A Cochrane review [Abstract] 1 included 13 studies with a total of 324 subjects. Three studies (n=106) dealt with horizontal and 10 studies (n=218) with vertical augmentation. Since different techniques were evaluated in different trials, only one meta-analysis could be performed. Two studies (n=100) evaluated whether vertical bone augmentation procedures are needed to allow placement of longer implants or whether shorter implants could be used instead; vertical augmentation of resorbed mandibles with inlay techniques resulted in more implant failures (OR 5.74, 95% CI 0.92 to 35.82; borderline significance p=0.06) and complications (OR 4.97, 95% CI 1.10 to 22.40) than simple placement of short implants. However, the long-term prognosis of shorter implants is yet unknown.
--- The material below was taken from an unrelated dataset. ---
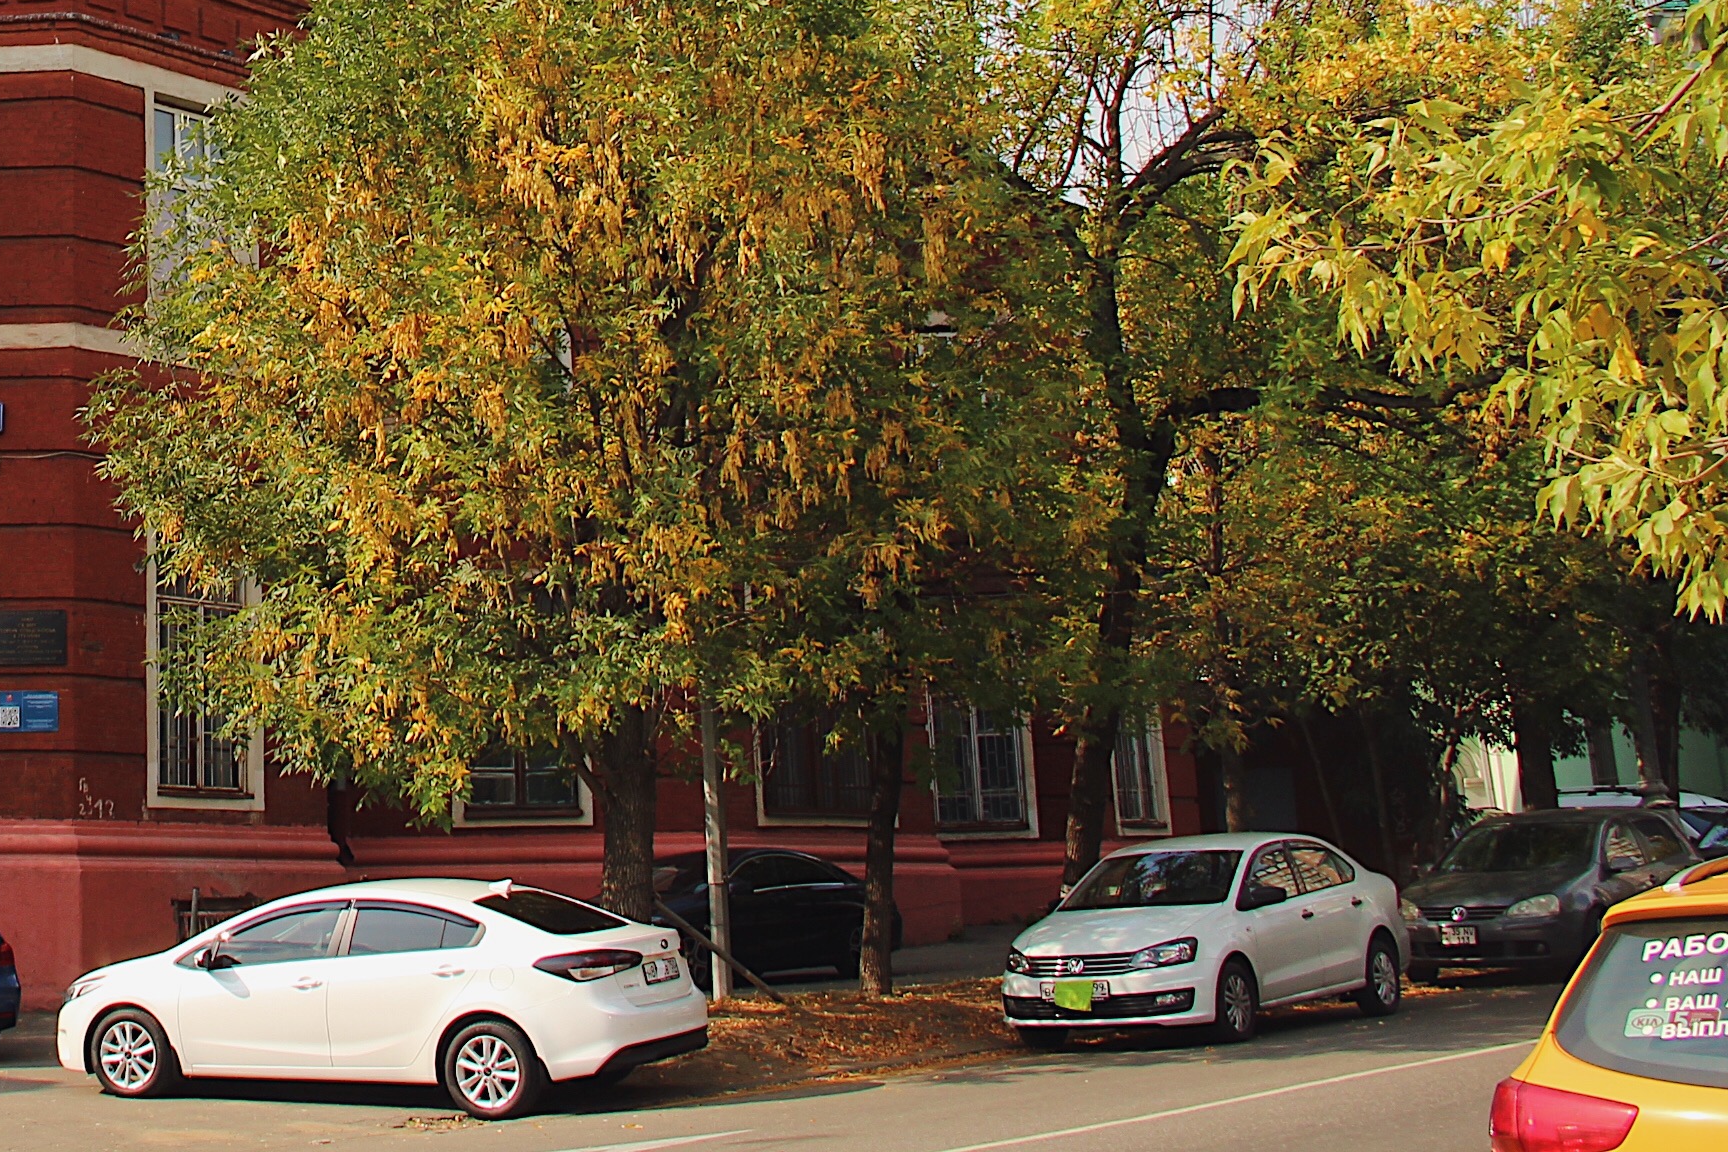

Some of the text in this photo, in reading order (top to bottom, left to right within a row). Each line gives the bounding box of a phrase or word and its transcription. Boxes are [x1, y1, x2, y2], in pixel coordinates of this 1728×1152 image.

[1668, 967, 1723, 986] НАШ
[1665, 993, 1719, 1012] ВАШ
[1636, 1018, 1659, 1026] KIA
No significant differences were observed between various horizontal augmentation techniques (3 studies). When comparing various vertical bone augmentation techniques (8 studies) no statistically significant differences were observed with the exception of 3 trials which showed that more vertical bone gain could be obtained with osteodistraction than with inlay autogenous grafts (MD 3.25 mm, 95% CI 1.66 to 4.84), and with a bone substitute rather than autogenous bone in guided bone regeneration (MD 0.60 mm; 95% CI 0.21 to 0.99) in posterior atrophic mandibles, and that patients preferred a bone substitute block than a block of autogenous bone taken from the iliac crest (OR 0.03, 95% CI 0.00 to 0.64).
Comment: The quality of evidence is downgraded by study quality (unclear allocation concealment) and by imprecise results (few patients and wide confidence intervals).